▶ **WHAT NEEDS TO BE DONE**
Each entry that follows is to be duplicated exactly, without its images.

************

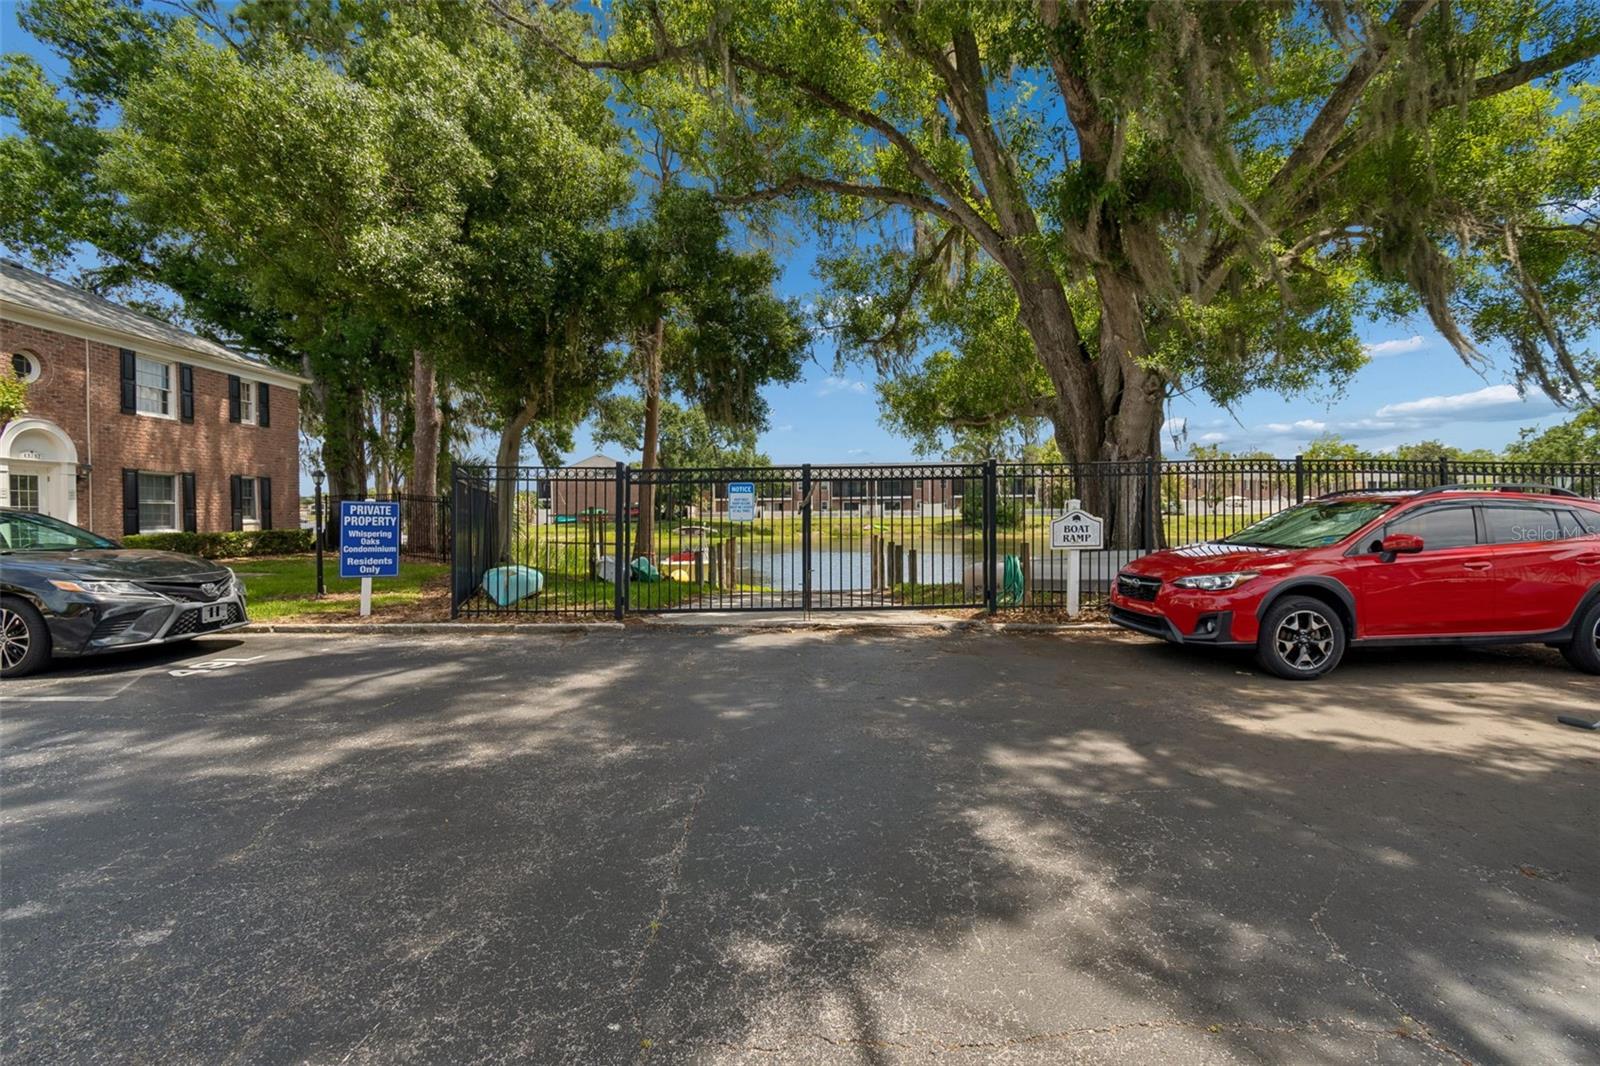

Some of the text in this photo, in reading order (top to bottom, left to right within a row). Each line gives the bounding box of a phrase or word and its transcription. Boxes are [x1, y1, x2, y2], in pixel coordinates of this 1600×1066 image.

[350, 505, 391, 515] PRIVATE
[344, 516, 396, 526] PROPERTY
[1063, 525, 1089, 533] BOAT
[348, 530, 392, 538] Whispering
[1063, 534, 1091, 542] RAMP
[359, 566, 380, 574] Only

************

▶ **EXERCISE SOLUTION**
Some of the text in this photo, in reading order (top to bottom, left to right within a row). Each line gives the bounding box of a phrase or word and its transcription. Boxes are [x1, y1, x2, y2], in pixel coordinates of this 1600×1066 image.

[350, 505, 391, 515] PRIVATE
[344, 516, 396, 526] PROPERTY
[1063, 525, 1089, 533] BOAT
[348, 530, 392, 538] Whispering
[1063, 534, 1091, 542] RAMP
[359, 566, 380, 574] Only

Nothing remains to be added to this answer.